Agosto, frío al rostro… otro tópico ¡Qué le vamos a hacer!
No sé si es por los años acumulados, por el calentamiento del planeta o porque en las ciudades cada vez hay más plástico, metal y cemento, pero lo cierto es que cada verano siento que hace más calor que el anterior, y que el aire acondicionado, que era una frivolidad de algunos hace diez años, hoy se ha convertido en imprescindible para poder, al menos, trabajar.
Lo malo del calor es que produce además una especie de agotamiento físico y psicológico, un decaimiento que en ocasiones se traduce en apatía, pesadez y hasta somnolencia, además de quitar el apetito.
Pero me he dado cuenta que es en las ciudades donde todos estos males producidos por el calor se convierten en un “sin vivir”, mientras que en los pueblos la cosa cambia y la gente se adapta de forma rigurosa al calor, se madruga, se duerme la siesta, se trasnocha al fresquito, se utilizan los productos de temporada (que en verano son más refrescantes).

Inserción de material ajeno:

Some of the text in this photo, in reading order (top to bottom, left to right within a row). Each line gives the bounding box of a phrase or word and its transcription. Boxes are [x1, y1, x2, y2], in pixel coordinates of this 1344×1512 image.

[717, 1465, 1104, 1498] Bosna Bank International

Cuarenta y siete grados marcaba el termómetro de mi coche a las cinco de la tarde, cuando lo cogí hace unos días en Ocaña (Toledo), donde tenía una boda. Sin embargo, por la noche refrescaba considerablemente y se podía dormir sin problemas. Si no podemos cambiar el lugar donde vivimos porque ya nos hemos ido de vacaciones o porque no nos vamos a ir, si que podemos cambiar nuestro ritmo de vida, adaptándolo al calor: sólo tenemos que escuchar a nuestro cuerpo, que nos pide reposo y sombra después de comer y hasta siesta, que nos pide disfrutar de los primeros aires frescos de la mañana, que nos pide comida llena de agua: mucha fruta, ensaladas y verduras, además de no hacer ejercicio durante las horas centrales del día.
Por cierto, ahí van algunas propuestas gastronómicas de verano: el gazpachuelo: dos tomates muy partiditos en trozos (sin piel), un pepino pelado y partido en dados pequeños, un pimiento también muy partidito, aceite, sal, un chorro pequeño de vinagre y justo en el momento de servir añadirle agua casi helada. ¡Perfecto para estos días!

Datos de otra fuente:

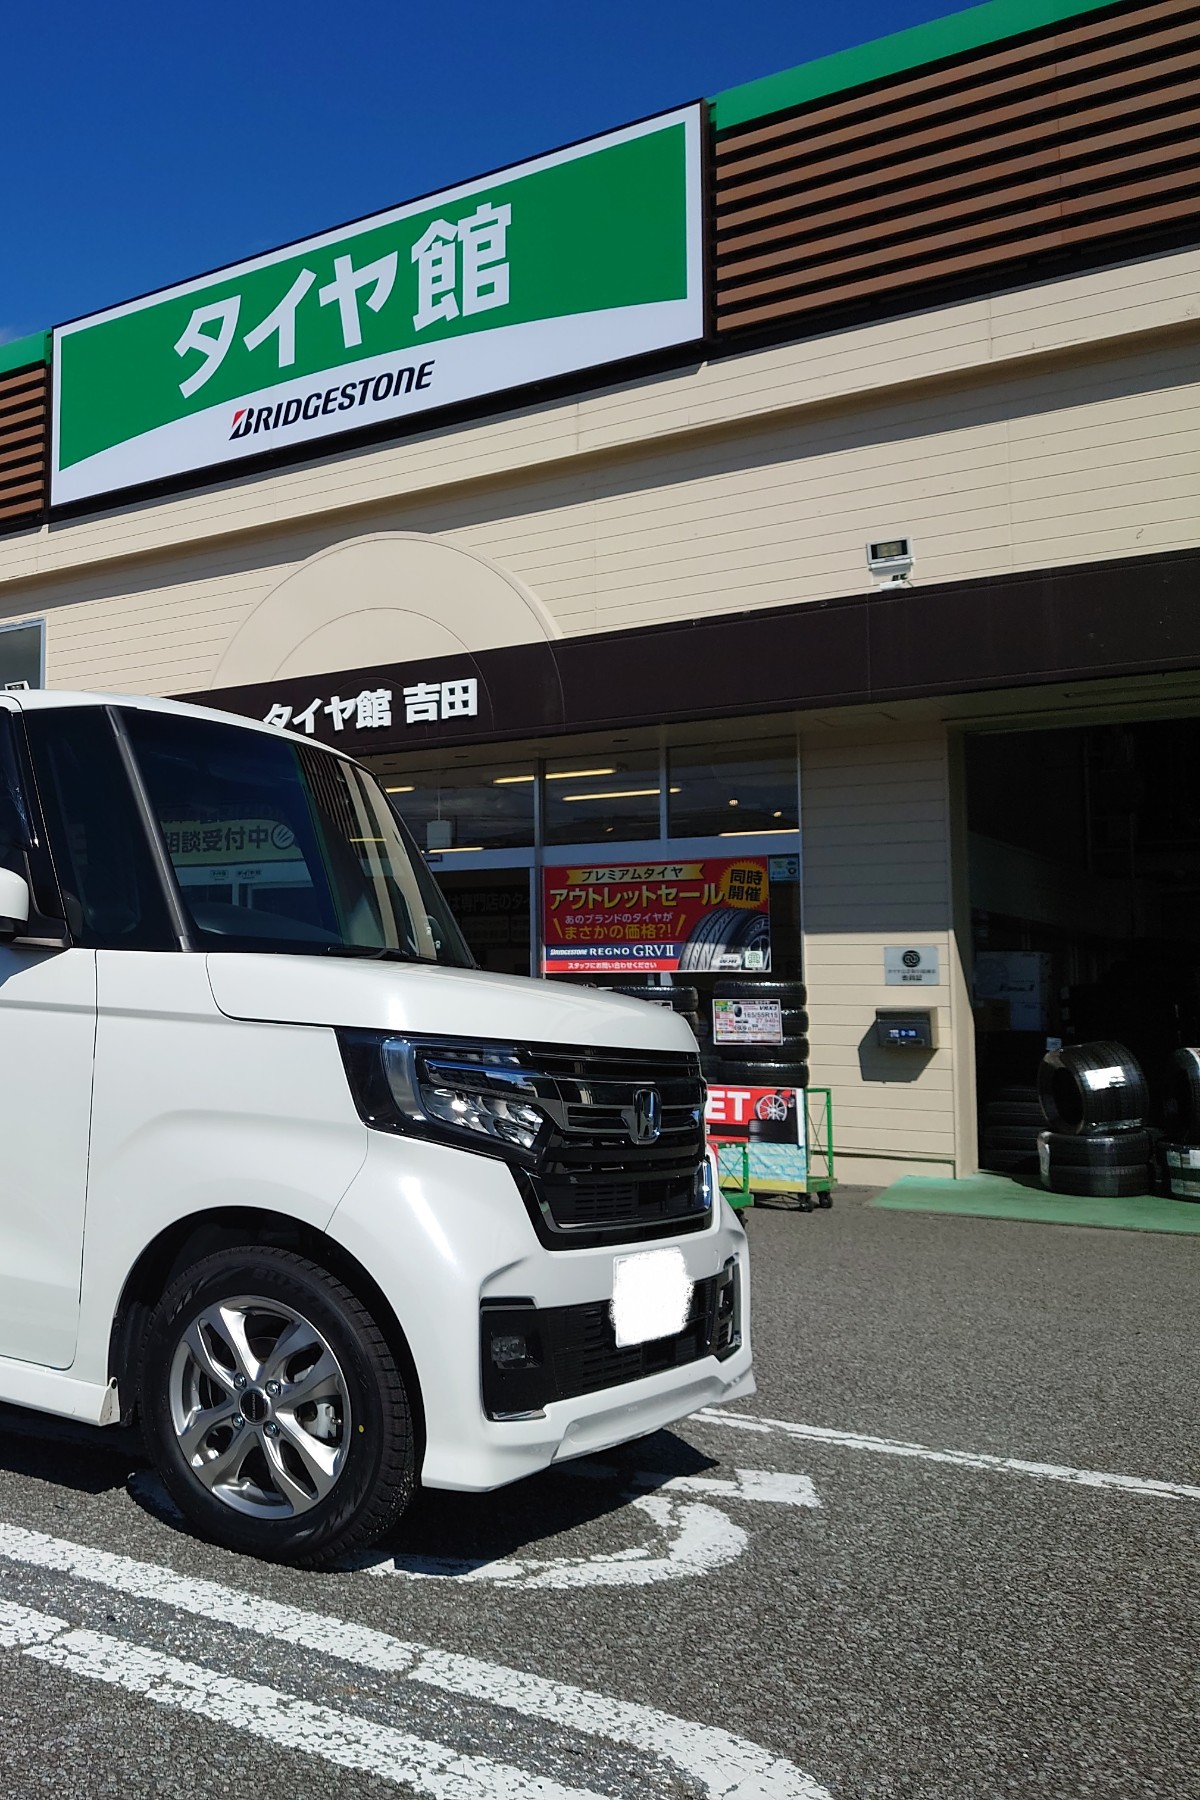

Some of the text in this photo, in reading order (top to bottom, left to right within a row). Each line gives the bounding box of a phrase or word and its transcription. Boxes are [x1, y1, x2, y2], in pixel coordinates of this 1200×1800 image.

[174, 202, 512, 399] タイヤ館
[229, 360, 435, 441] BRIDGESTONE
[262, 678, 478, 734] タイヤ館 吉田
[581, 866, 684, 881] プレミアムタイヤ
[729, 868, 763, 885] 同時
[550, 883, 724, 910] アウトレットセール
[728, 884, 762, 902] 開催
[565, 911, 673, 925] あのブランドのタイヤが
[589, 947, 630, 956] REGNO
[567, 961, 658, 970] スタッフにお問い合わせください

¿No tenemos hambre para la cena? No hay problema, se hace un batido de leche, un par de quesitos en porciones, zumo de naranja y alguna fruta como paraguayas o melocotón, se bate todo, se sirve muy frío. Se toma con una pajita y ¿quién puede pensar que es una cena?

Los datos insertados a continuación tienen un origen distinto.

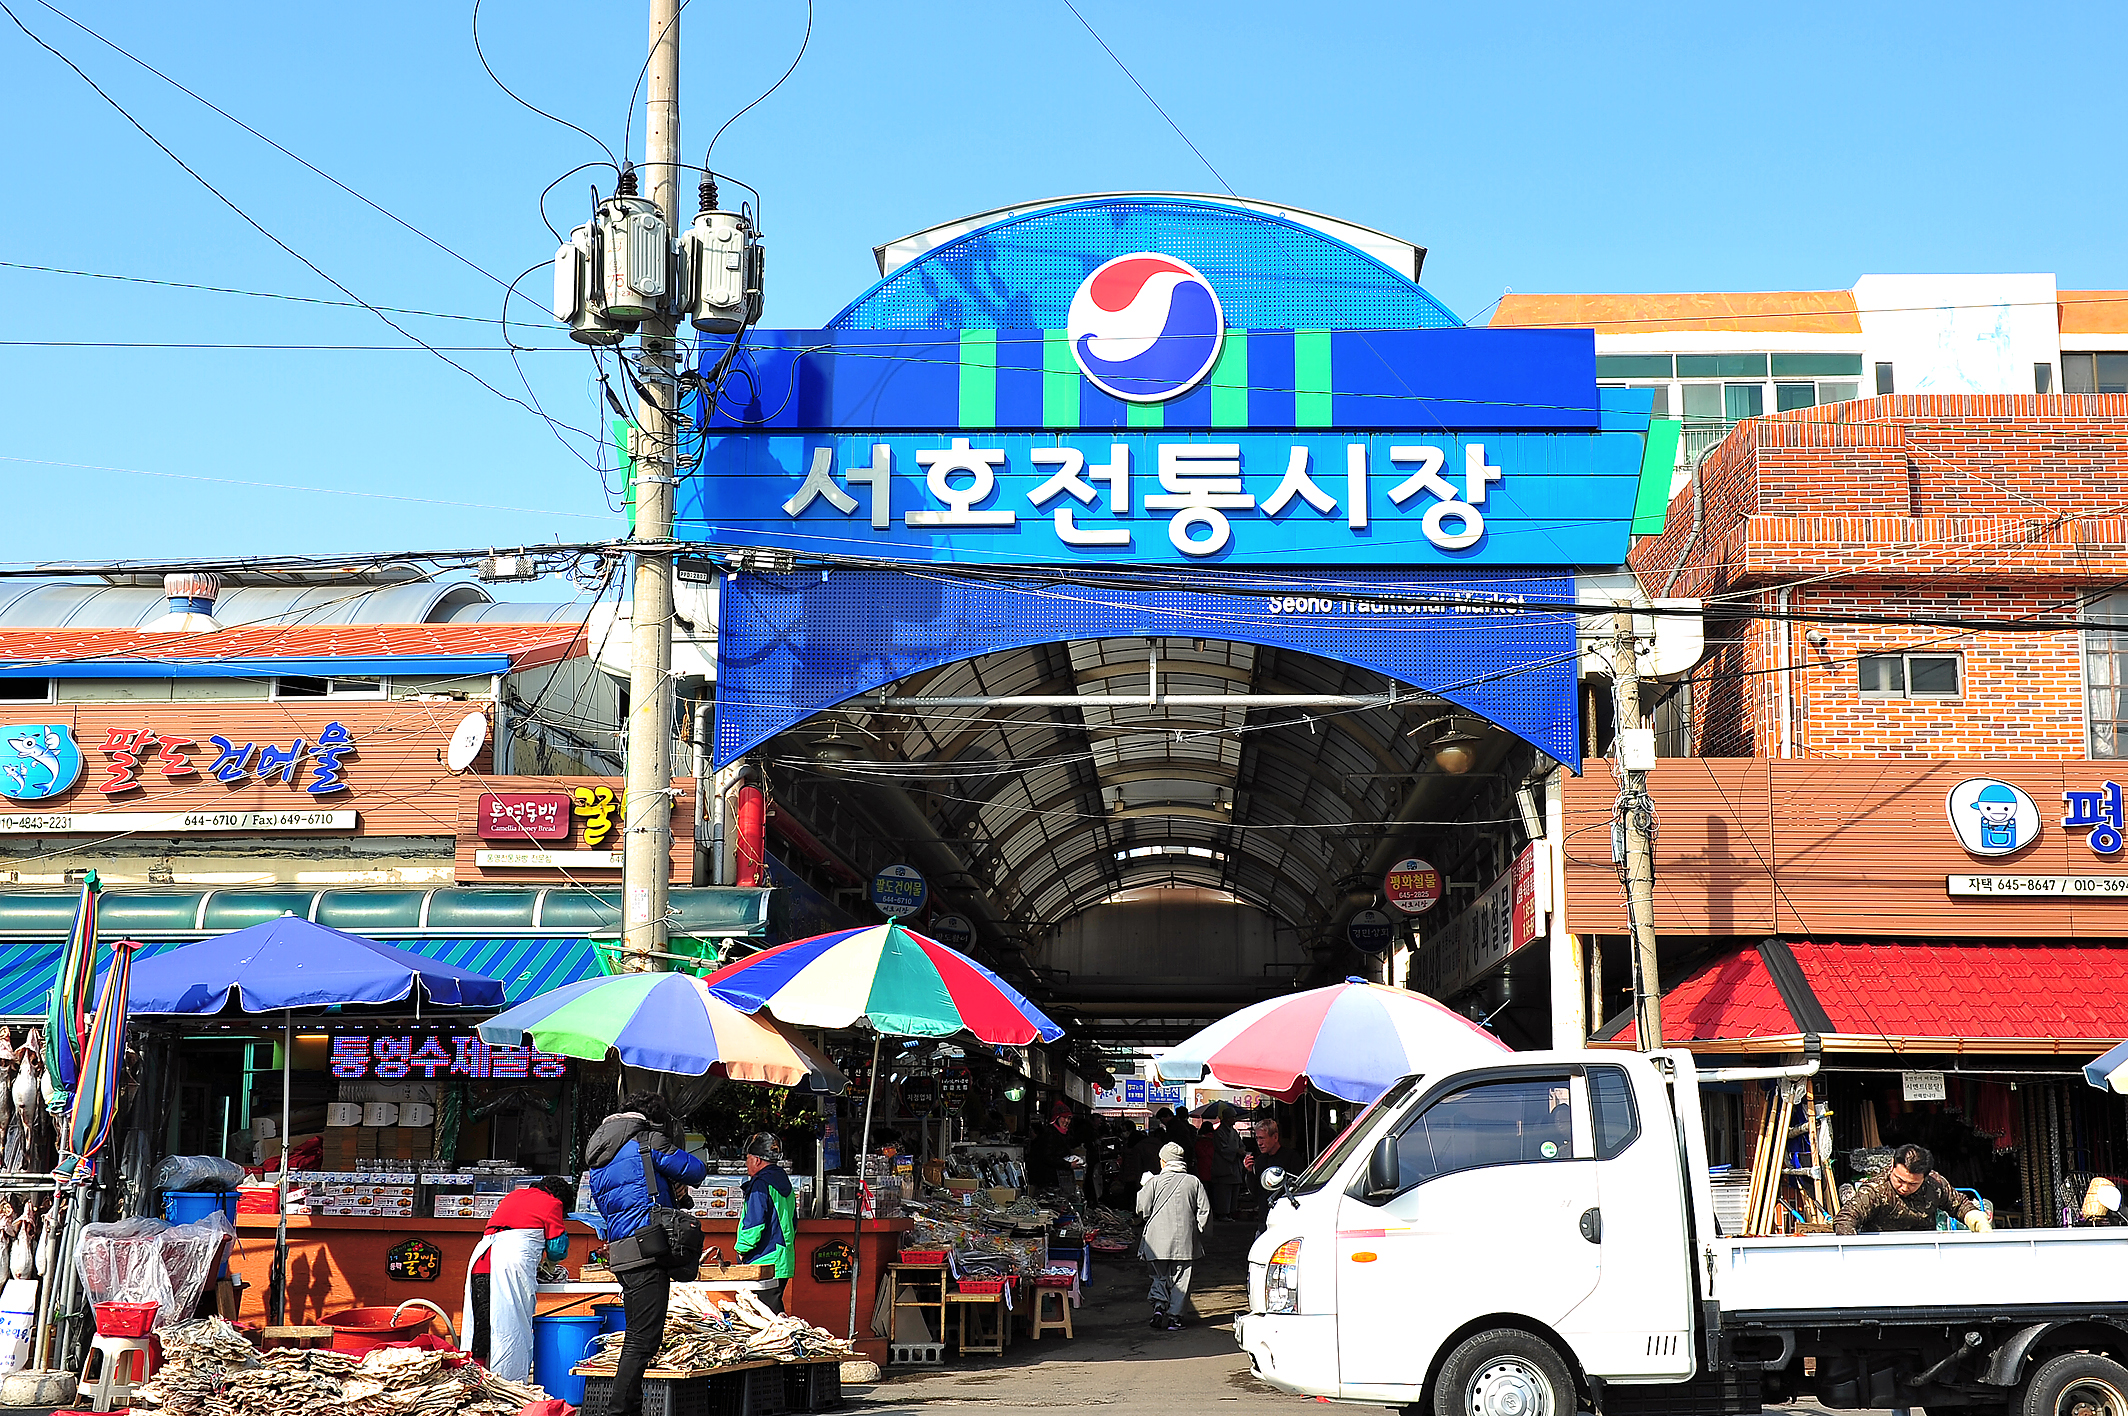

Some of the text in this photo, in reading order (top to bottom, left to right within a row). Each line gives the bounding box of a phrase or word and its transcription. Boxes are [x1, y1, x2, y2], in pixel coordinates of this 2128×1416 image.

[781, 437, 1503, 557] 서호전통시장
[184, 815, 238, 826] 644-6710
[538, 824, 556, 832] Bread
[876, 879, 922, 896] 팔도건어물
[1389, 874, 1436, 890] 평화철물
[1968, 878, 1993, 892] 자택
[1997, 878, 2056, 891] 645-8647
[882, 896, 912, 905] 644-6710
[1352, 928, 1390, 939] 경민상회
[907, 1093, 932, 1101] 지정업체

Un plato único muy refrescante: Diferentes hojas de lechuga se lavan y parten en un bol, se echa sobre ellas un huevo duro frío, una manzana en trozos, un pedazo de queso semicurado en trozos, cinco gambas peladas y frías y se añade al gusto un poco de salsa rosa (mahonesa con ketchup). Resulta delicioso.
Combinaciones maravillosas son: la pasta, el arroz y la legumbre en ensalada. Las cremas frías incluso de ave y legumbres si se hacen ligeras de textura. Las carnes escabechadas en guisos, el pollo resulta perfecto en estas reparaciones. Los pescados al vapor con un chorro de aceite. La fruta y lácteos en batidos. No hay que olvidar que necesitamos los mismos nutrientes aunque menos calorías, y que la clave esta en tomar alimentos de fácil asimilación, cinco veces al día.
Y aunque Agosto no nos trae frío al rostro… al menos nos dará un respiro.